:: TRY IT ::
Pictures must be kept out of the copy. Every entry is to be duplicated exactly.

(Records from a dataset)
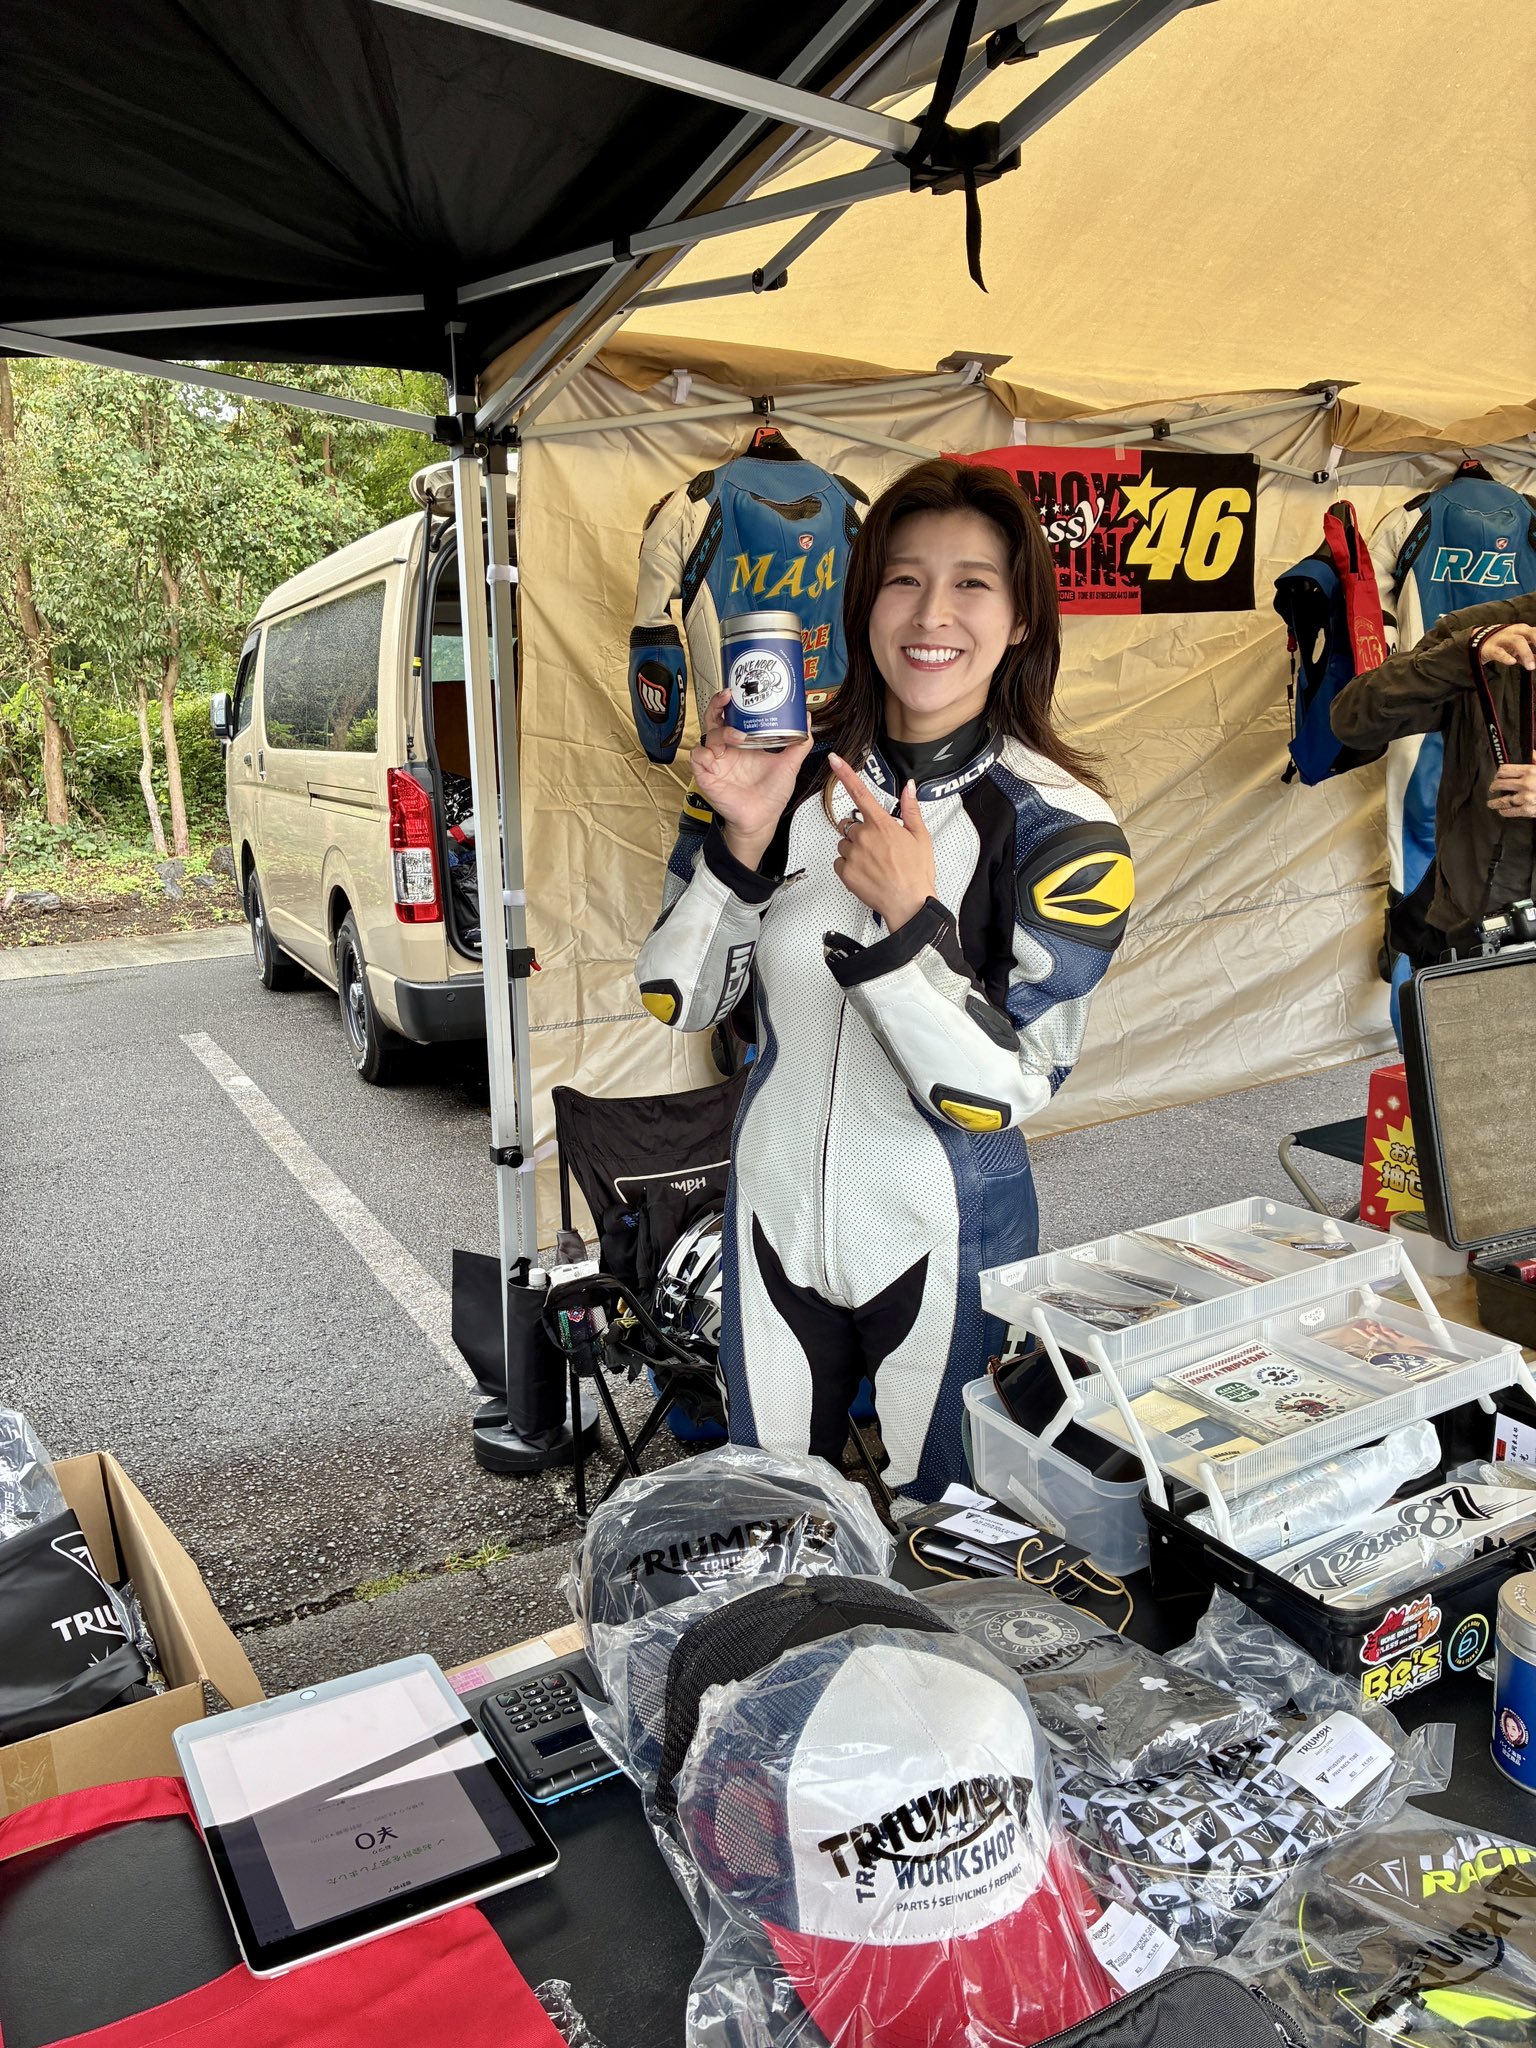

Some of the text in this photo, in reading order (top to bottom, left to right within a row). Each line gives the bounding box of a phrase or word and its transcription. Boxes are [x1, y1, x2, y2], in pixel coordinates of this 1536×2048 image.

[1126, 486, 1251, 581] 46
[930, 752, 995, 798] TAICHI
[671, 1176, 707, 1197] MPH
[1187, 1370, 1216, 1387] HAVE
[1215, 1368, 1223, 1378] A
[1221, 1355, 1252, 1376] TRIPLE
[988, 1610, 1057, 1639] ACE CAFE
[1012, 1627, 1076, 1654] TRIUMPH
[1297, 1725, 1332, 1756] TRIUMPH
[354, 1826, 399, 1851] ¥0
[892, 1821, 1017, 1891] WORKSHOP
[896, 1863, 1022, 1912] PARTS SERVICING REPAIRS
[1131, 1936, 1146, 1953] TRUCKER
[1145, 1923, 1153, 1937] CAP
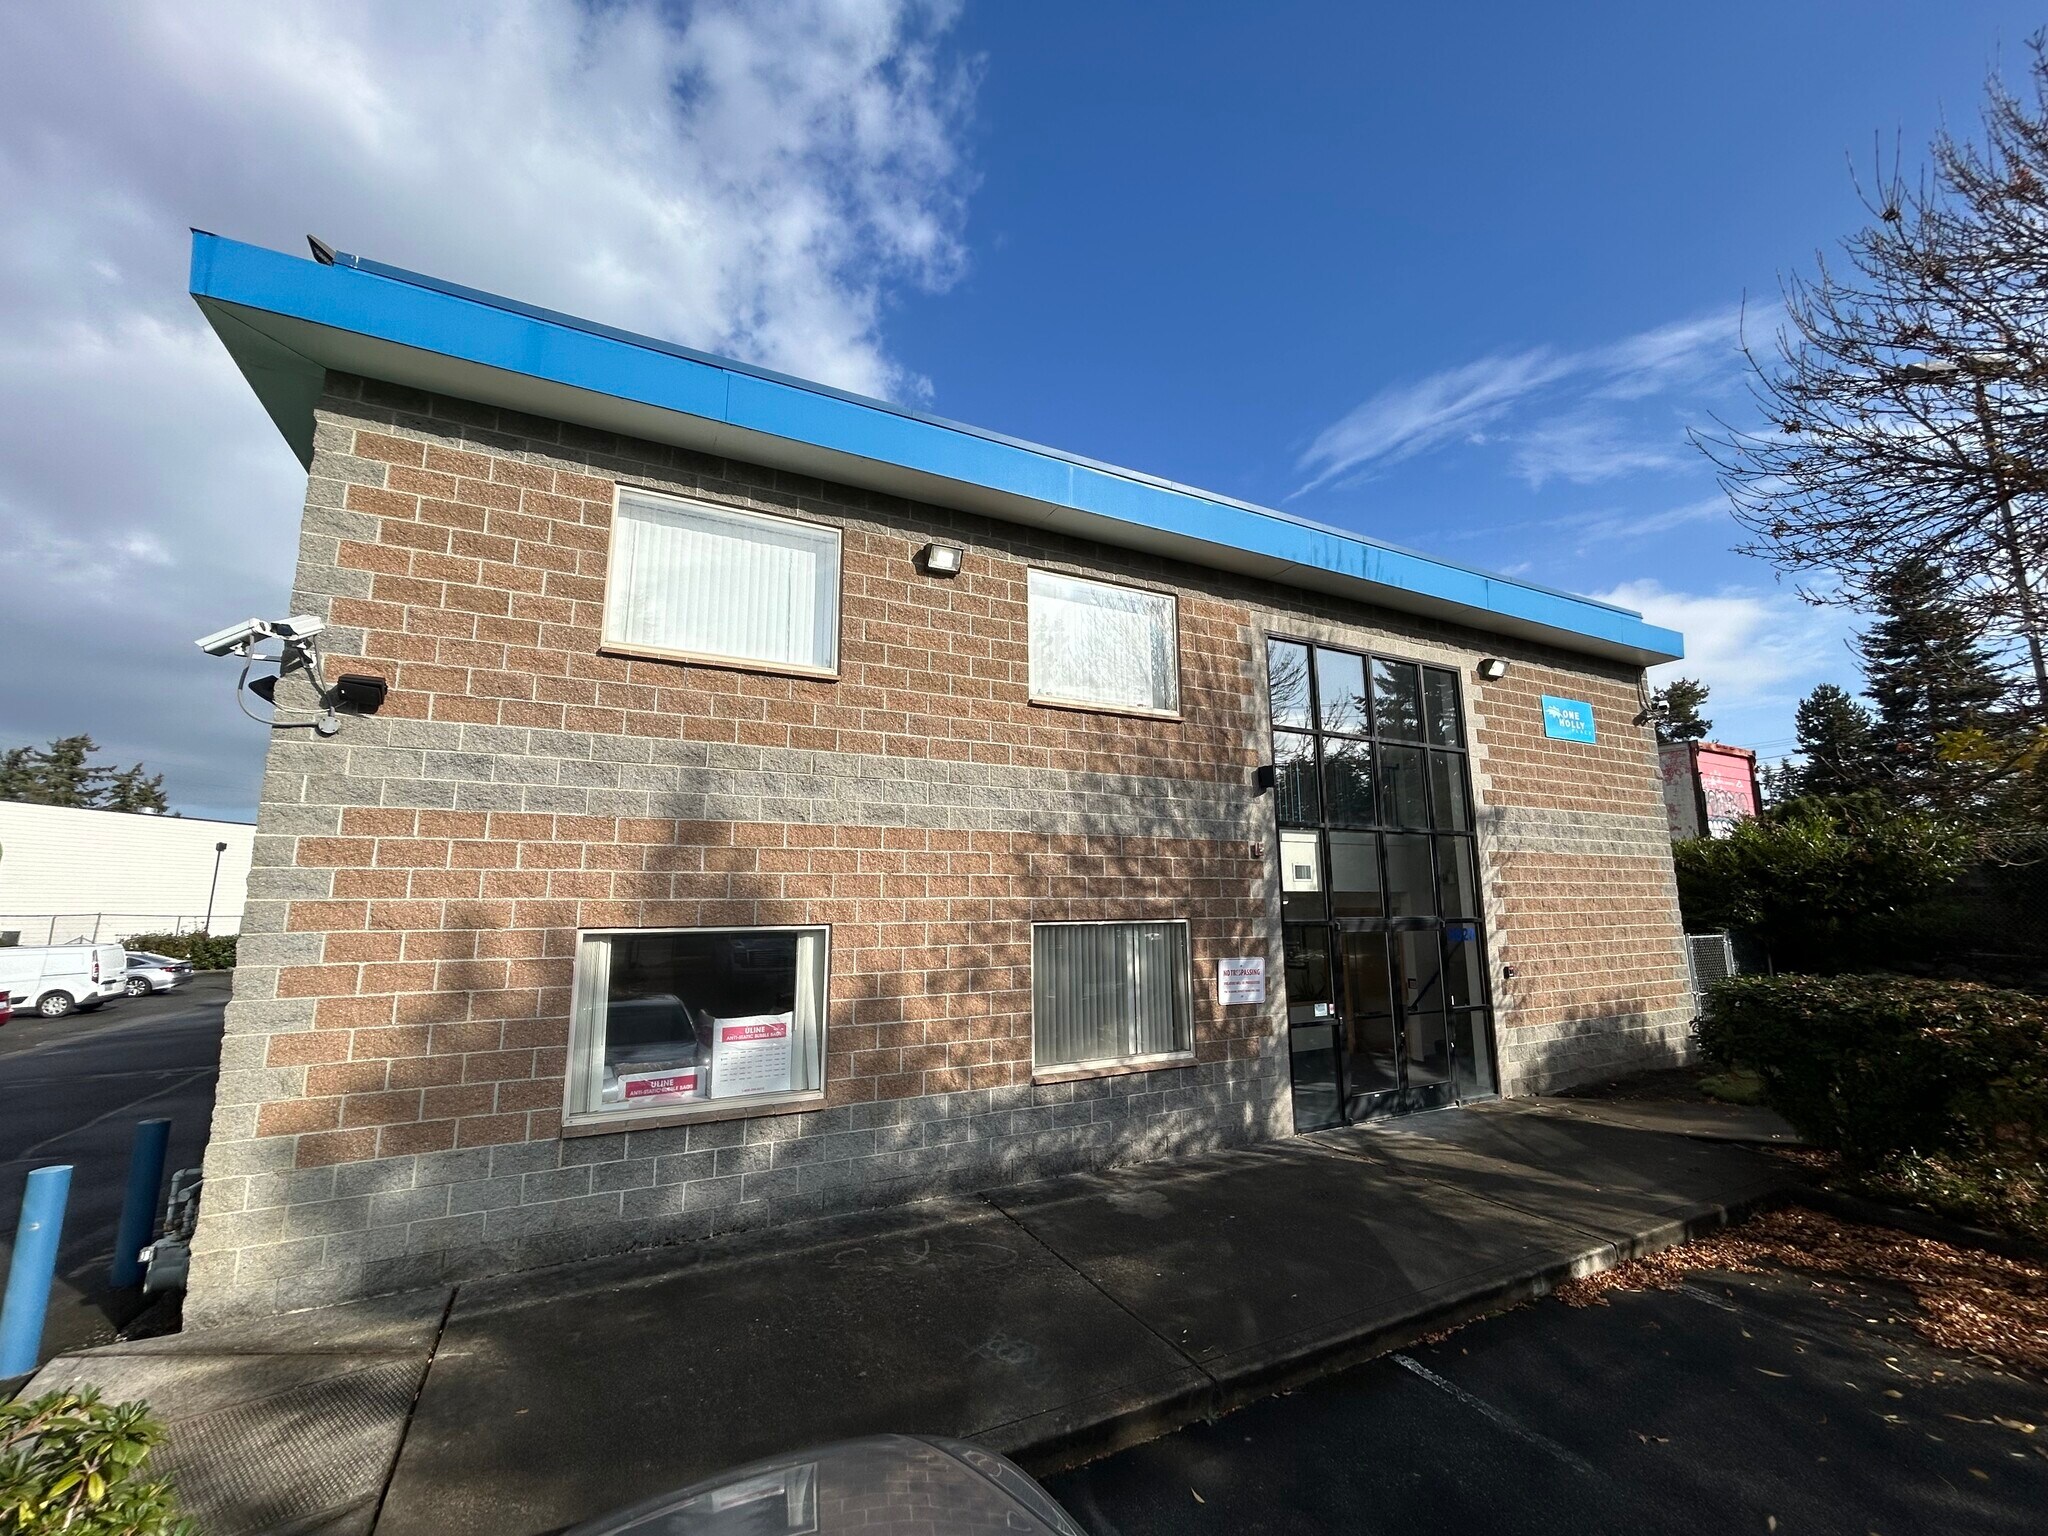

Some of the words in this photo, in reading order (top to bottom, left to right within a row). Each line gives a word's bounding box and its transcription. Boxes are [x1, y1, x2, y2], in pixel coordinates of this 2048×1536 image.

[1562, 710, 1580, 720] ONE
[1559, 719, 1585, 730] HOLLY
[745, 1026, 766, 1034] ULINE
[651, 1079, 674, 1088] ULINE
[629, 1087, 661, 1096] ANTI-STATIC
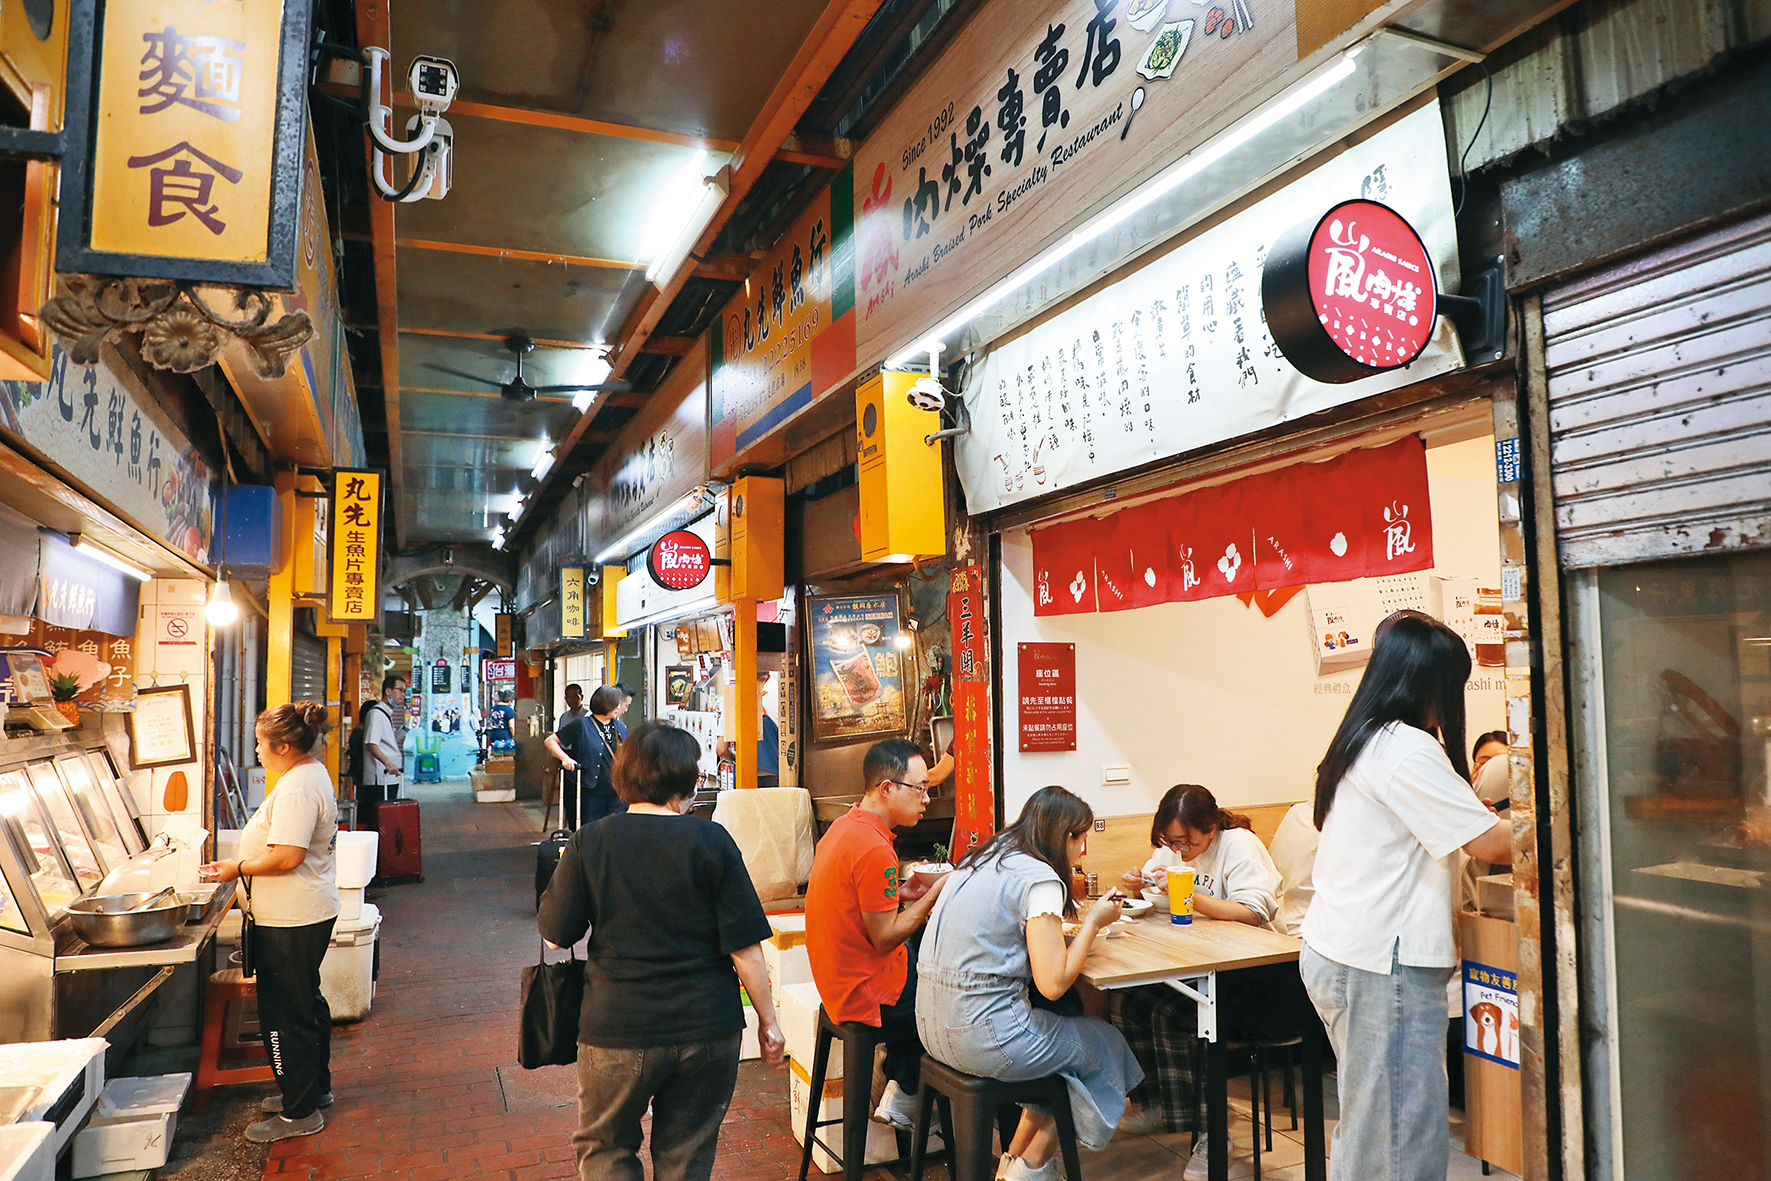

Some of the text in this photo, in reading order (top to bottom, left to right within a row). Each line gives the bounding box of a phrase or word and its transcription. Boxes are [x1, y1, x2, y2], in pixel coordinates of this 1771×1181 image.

:: ANSWER SECTION ::
Some of the text in this photo, in reading order (top to bottom, left to right within a row). Each line gives the bounding box of a phrase or word and its transcription. Boxes are [x1, y1, x2, y2], in pixel coordinates of this 1536×2048 image.

[1126, 486, 1251, 581] 46
[930, 752, 995, 798] TAICHI
[671, 1176, 707, 1197] MPH
[1187, 1370, 1216, 1387] HAVE
[1215, 1368, 1223, 1378] A
[1221, 1355, 1252, 1376] TRIPLE
[988, 1610, 1057, 1639] ACE CAFE
[1012, 1627, 1076, 1654] TRIUMPH
[1297, 1725, 1332, 1756] TRIUMPH
[354, 1826, 399, 1851] ¥0
[892, 1821, 1017, 1891] WORKSHOP
[896, 1863, 1022, 1912] PARTS SERVICING REPAIRS
[1131, 1936, 1146, 1953] TRUCKER
[1145, 1923, 1153, 1937] CAP

Some of the words in this photo, in reading order (top to bottom, left to right within a row). Each line gives a word's bounding box and its transcription. Boxes are [x1, y1, x2, y2], in pixel coordinates of this 2048×1536 image.

[1562, 710, 1580, 720] ONE
[1559, 719, 1585, 730] HOLLY
[745, 1026, 766, 1034] ULINE
[651, 1079, 674, 1088] ULINE
[629, 1087, 661, 1096] ANTI-STATIC

Some of the text in this photo, in reading order (top to bottom, left to right within a row). Each line gives the bounding box of a phrase or word and its transcription. Boxes are [x1, y1, x2, y2], in pixel coordinates of this 1771×1181 image.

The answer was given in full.